Experts Still Think UBeam’s Through-The-Air Charging Tech Is Unlikely - apsec112
http://spectrum.ieee.org/consumer-electronics/portable-devices/experts-still-think-ubeamrsquos-throughtheair-charging-tech-is-unlikely
======
TeMPOraL
Well, either it works or it doesn't. What's there to talk about? It's not that
they're doing rocket science.

> _" But even amid a tidal wave of publicity, the company has never publicly
> demonstrated a fully functioning prototype of its system."_

This is what I don't get - how the hell did they manage to get investors? I
mean, ultrasound charging isn't magic, anyone who knows their stuff around EE
should be able to throw together in a month a simple prototype of the tech to
show to the investors. That is, a prototype that actually charges a phone, not
this[0] which a) doesn't really charge the phone, and b) seems to be geared
towards confusing people clueless about electricity.
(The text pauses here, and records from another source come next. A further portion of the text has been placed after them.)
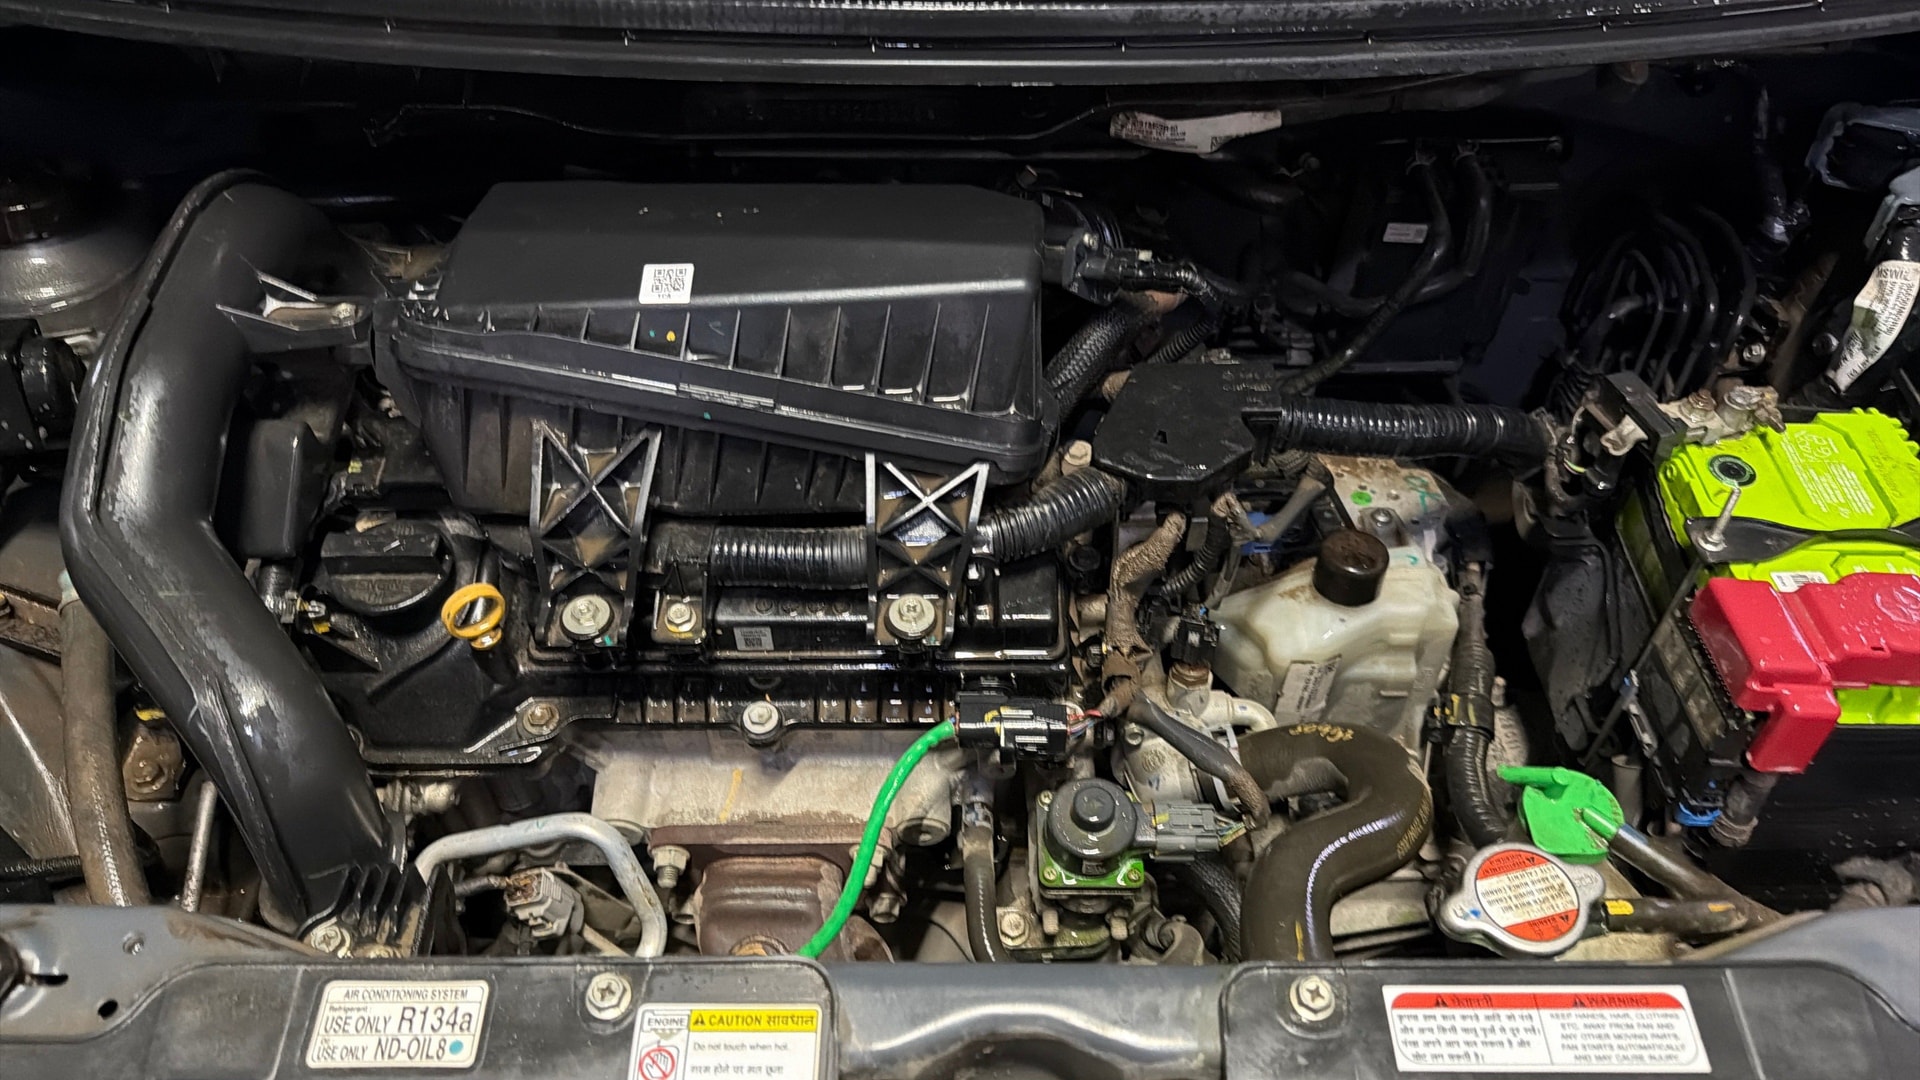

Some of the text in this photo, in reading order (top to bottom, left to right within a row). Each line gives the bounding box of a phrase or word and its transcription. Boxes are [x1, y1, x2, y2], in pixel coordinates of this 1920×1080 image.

[344, 988, 468, 1000] AIR CONDITIONING SYSTEM
[1587, 996, 1649, 1008] WARNING
[324, 1006, 473, 1034] USE ONLY R134a
[647, 1017, 686, 1027] ENGINE
[709, 1014, 815, 1027] CAUTION सावधान
[316, 1038, 447, 1060] USE ONLY ND-OIL8
[693, 1042, 706, 1051] Do
[708, 1042, 722, 1051] not
[723, 1042, 748, 1051] touch
[749, 1042, 772, 1051] when
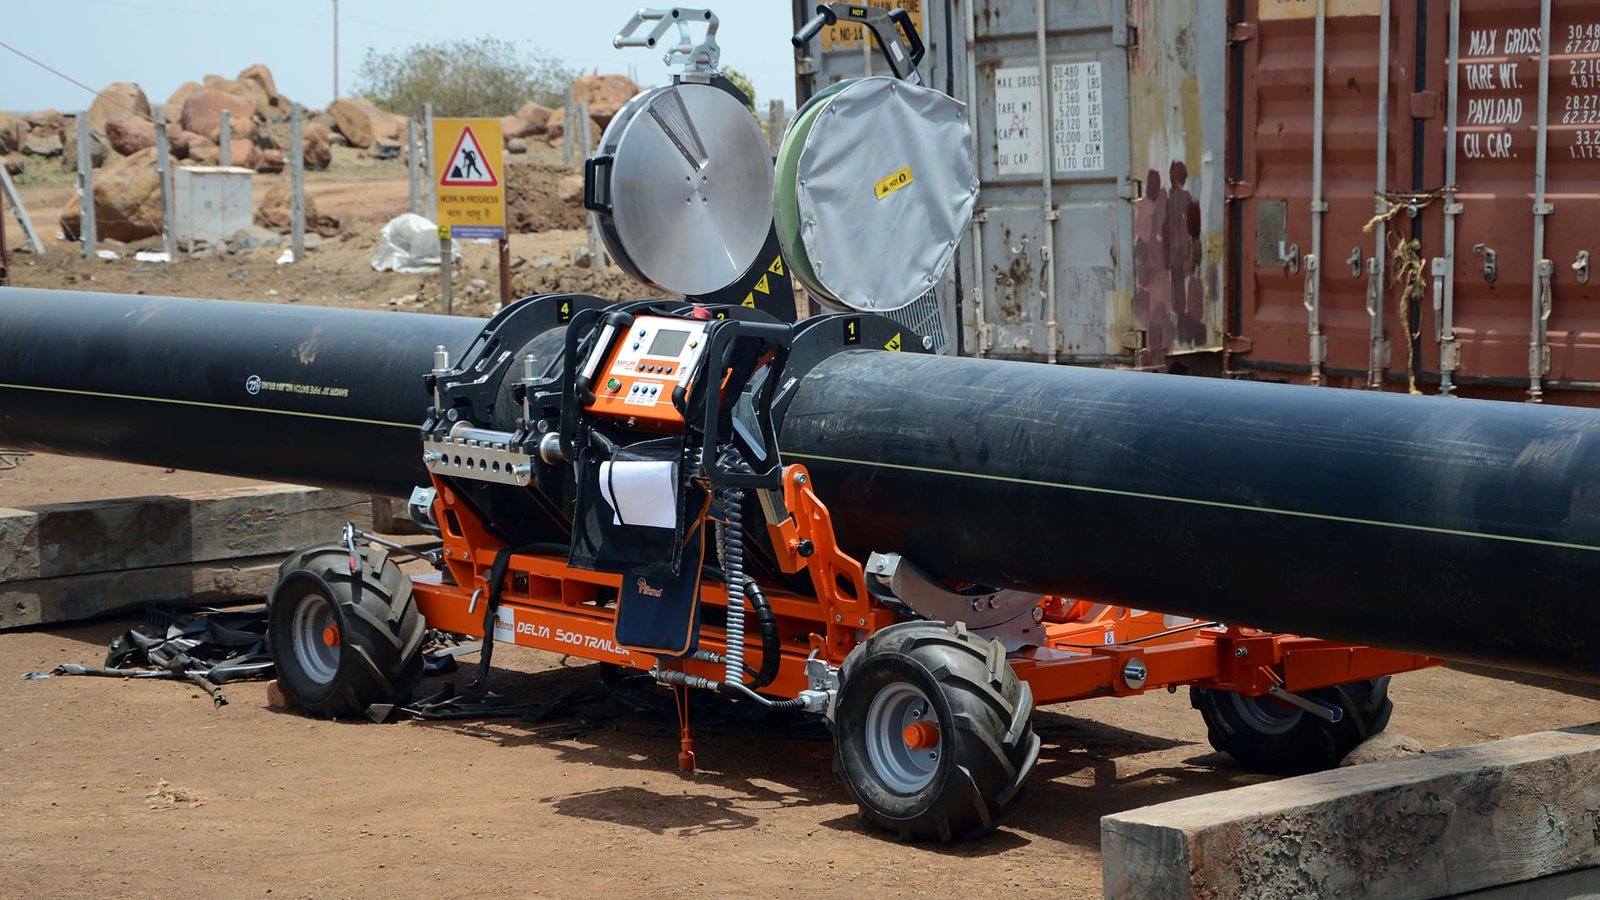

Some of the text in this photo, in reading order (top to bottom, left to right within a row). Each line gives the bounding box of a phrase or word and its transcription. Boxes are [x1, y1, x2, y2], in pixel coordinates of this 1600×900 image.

[852, 8, 864, 16] HOT
[1468, 29, 1497, 56] MAX
[1053, 64, 1096, 79] 30.480 KG
[1465, 63, 1523, 90] TARE WT.
[1053, 77, 1101, 92] 67.200 LBS
[1059, 90, 1097, 104] 2.360 KG
[998, 102, 1016, 115] TARE
[1059, 103, 1101, 117] 5.200 LBS
[1466, 98, 1523, 125] PAYLOAD
[1055, 116, 1098, 131] 28.120 KG
[998, 128, 1013, 141] CAP
[1055, 129, 1102, 144] 62.000 LBS
[1060, 144, 1077, 156] 33.2
[1463, 132, 1517, 158] CU. CAP.
[1014, 153, 1029, 166] CAP
[1057, 157, 1077, 169] 1.170
[441, 195, 457, 203] WORK
[466, 195, 498, 204] PROGRESS
[560, 302, 569, 314] 4
[848, 321, 855, 335] 1
[517, 621, 550, 639] DELTA
[554, 628, 583, 645] 500
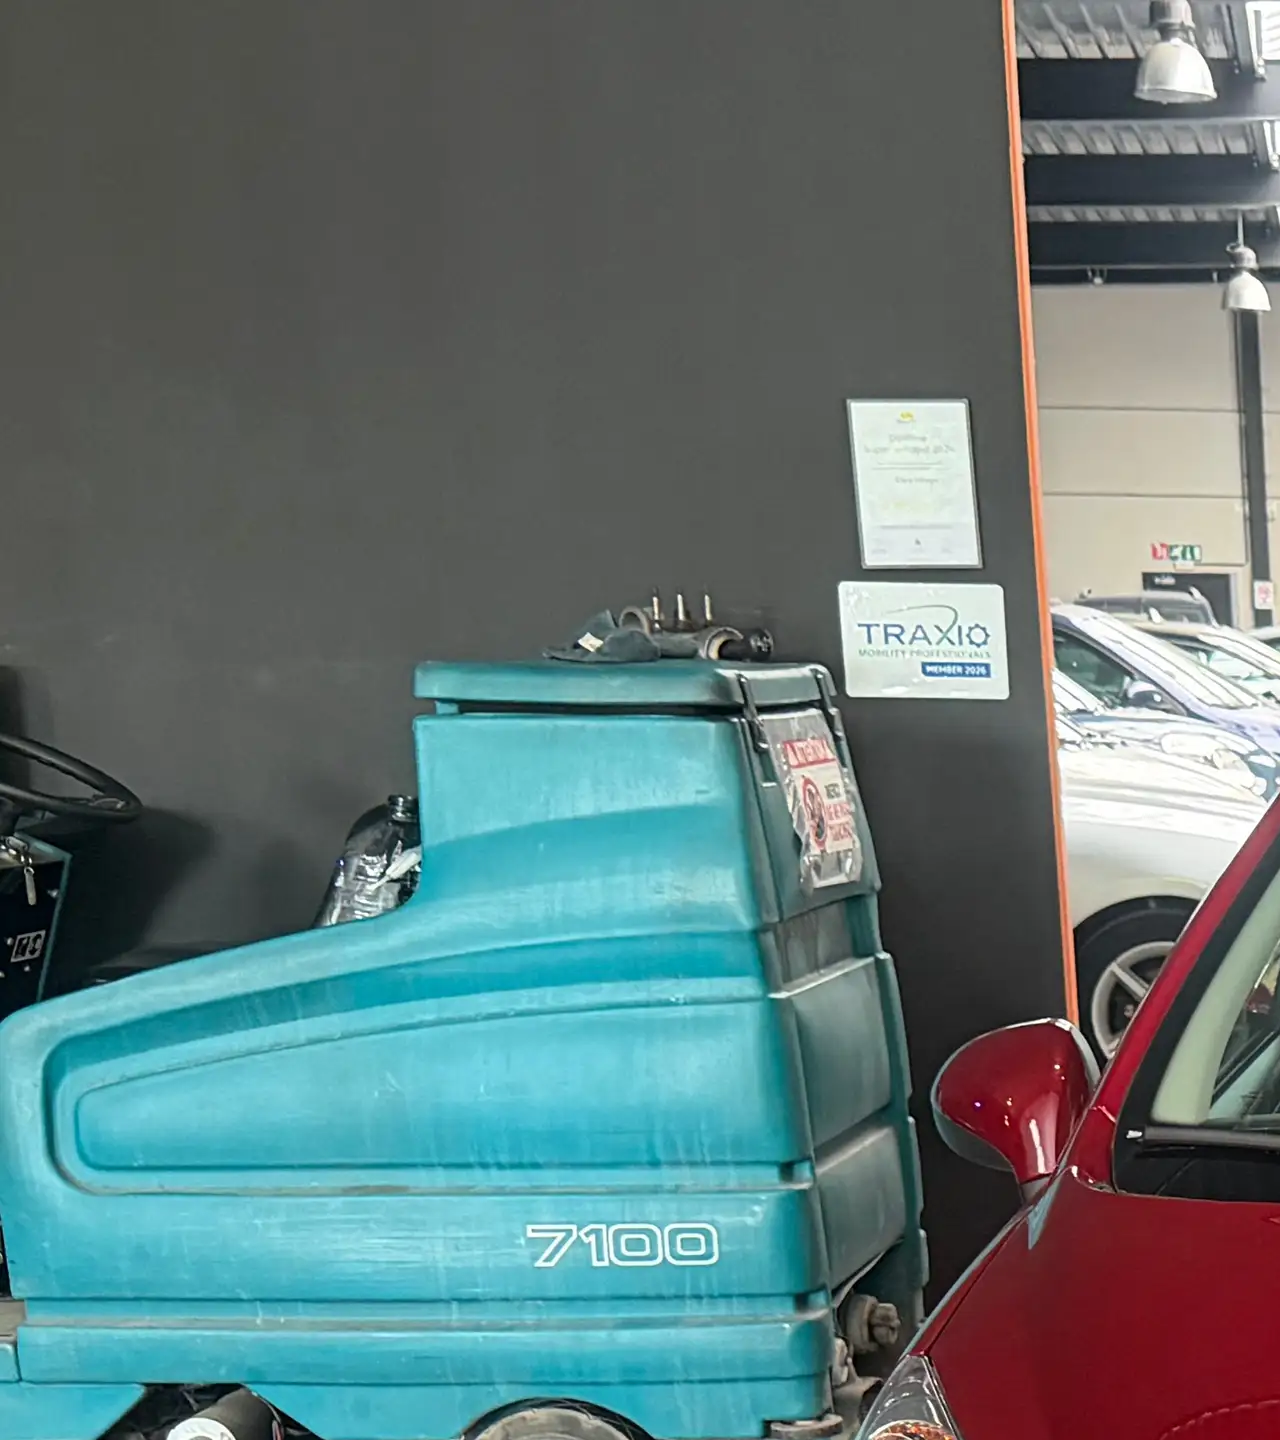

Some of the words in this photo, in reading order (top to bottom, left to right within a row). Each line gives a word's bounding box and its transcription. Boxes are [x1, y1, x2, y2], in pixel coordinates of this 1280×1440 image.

[857, 622, 991, 648] TRAXIO
[925, 665, 963, 675] MEMBER
[526, 1222, 720, 1268] 7100
The fact that they
didn't, after 4 years, produce anything suggests that they don't even have
anyone on board who knows this stuff, so why are they getting money?

Seriously, I think I'm gonna plug my IRC bot to TTS and go raise money for my
AGI startup.

[0] -
[https://www.youtube.com/watch?v=RoHxyweJcZI](https://www.youtube.com/watch?v=RoHxyweJcZI)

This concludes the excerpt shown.